Returning only a few moments later with a large, rather old looking pair but in mint condition. I thanked her, noticed the white engraved
'Carl Zeiss, Jena Dekarem 10 X 50' marking on the black metal case parts then lifted them to my eyes and turned the focus wheel.
Damn, these were a good pair of binoculars! I looked toward London and with a bit of steadying, I saw what I think was the shape of an
American designed Blackhawk helicopter moving at speed north toward the center of the city.
More of the gunfire reports echoed toward us.
Then nothing, we waited for a good 5 minutes but nothing more sounded from the city. This was making my mind race a bit and I craved
answers if for no other reason than to pass those on to the questioning faces of those gathered on the Island.
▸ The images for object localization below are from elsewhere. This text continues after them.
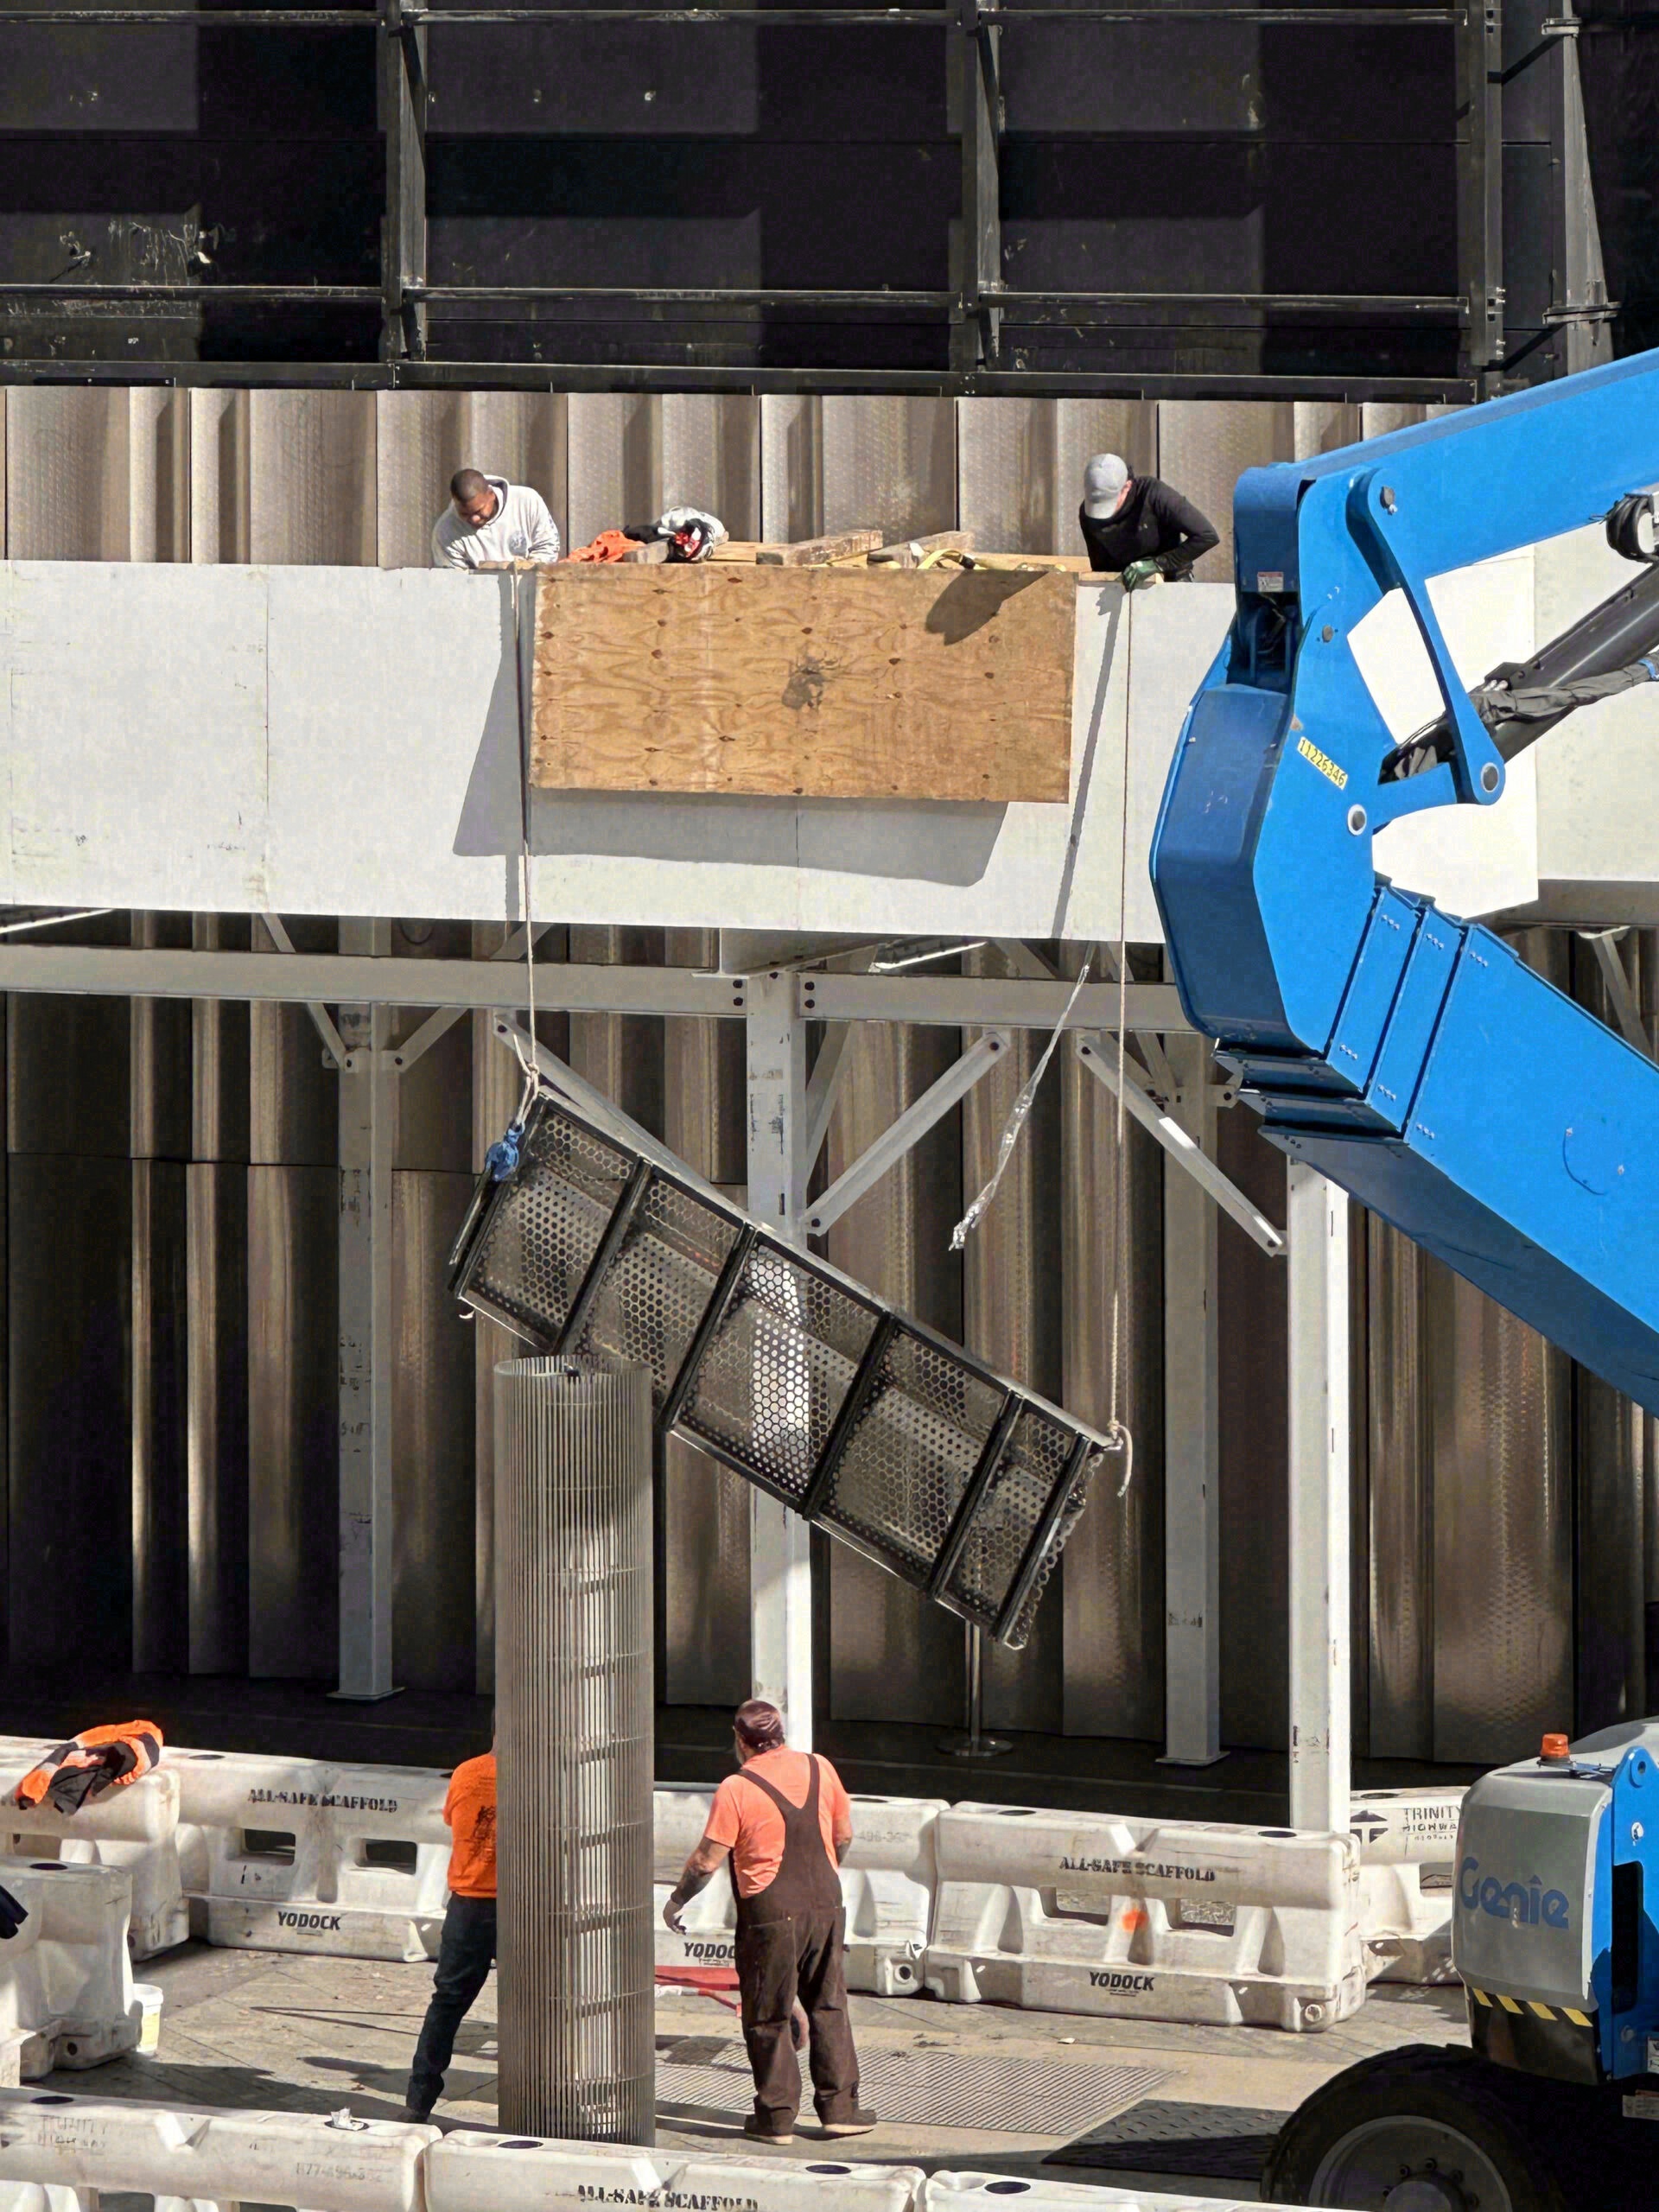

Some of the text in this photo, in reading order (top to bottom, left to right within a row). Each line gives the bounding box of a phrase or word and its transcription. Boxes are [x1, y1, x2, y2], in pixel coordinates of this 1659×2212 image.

[1058, 1856, 1217, 1882] ALL-SAFE SCAFFOLD
[1459, 1856, 1570, 1930] Genie
[277, 1910, 341, 1931] YODOCK
[683, 1942, 736, 1960] YODOC
[1089, 1971, 1155, 1991] YODOCK
They were looking to me
for some reason and I hated having nothing concrete to say to them. I felt like I owed these decent people something.
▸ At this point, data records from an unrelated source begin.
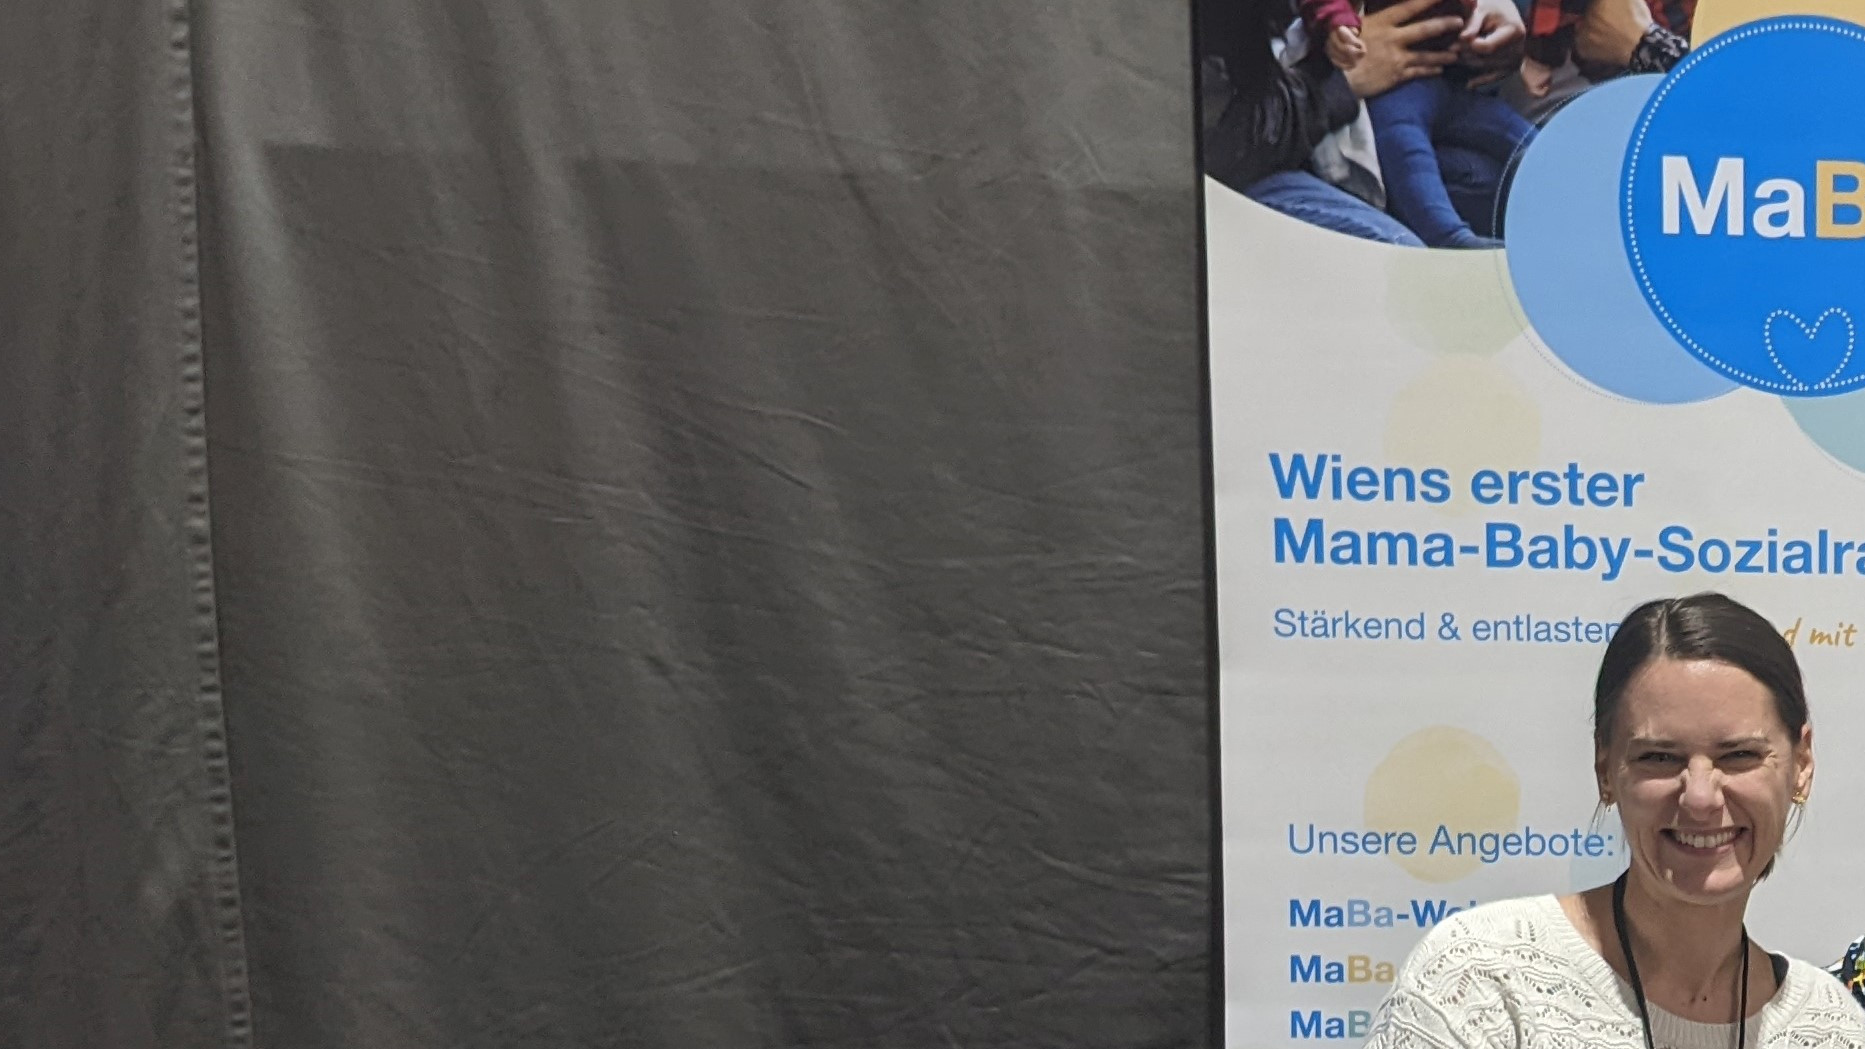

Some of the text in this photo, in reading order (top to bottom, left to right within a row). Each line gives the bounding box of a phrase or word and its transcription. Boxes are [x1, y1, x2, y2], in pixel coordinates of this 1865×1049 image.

[1269, 452, 1645, 507] Wiens erster
[1274, 608, 1425, 640] Stärkend
[1437, 612, 1461, 641] &
[1809, 622, 1858, 648] mit
[1289, 824, 1615, 863] Unsere Angebote:
"I wish I knew folks, seriously. I somehow expect we will find out soon enough."
That was all I could say to them and felt it woefully inadequate. Little did I know at that time, the answers were coming and I wasn't going
to like them.
Not one damn bit!
Reg had one of the radios almost glued to him for the rest of the morning, checking through the frequencies. It kept him occupied and the
possibility of hearing anything was remote to my mind but it gave me an idea.
"Reg, you any good with radios mate?"
He seemed to consider his answer for a few seconds then told me he had a definite interest and was fairly up with most radio systems and
how to use them. He added that it was from a hobby perspective as he'd dabbled in the old Citizens Band stuff in the late 1980's and
the more advanced stuff like Ham Radio operation a few years back but had changed to a new hobby. I didn't ask what but continued.
"Excellent! Reg fella, I got an idea..."
A plan had formed in my mind, and I talked this over with the others to give everyone a bit of, I felt badly needed, focus.
First up was to secure and clear the island to give us all a bit more security and room. Next up, Reg and I would make a trip to
Hounslow Barracks; I told them it was a Cavalry Regiment place and as such should have radios and shiny kit a plenty. At least then we
could get an idea on what may be happening outside of our own little patch.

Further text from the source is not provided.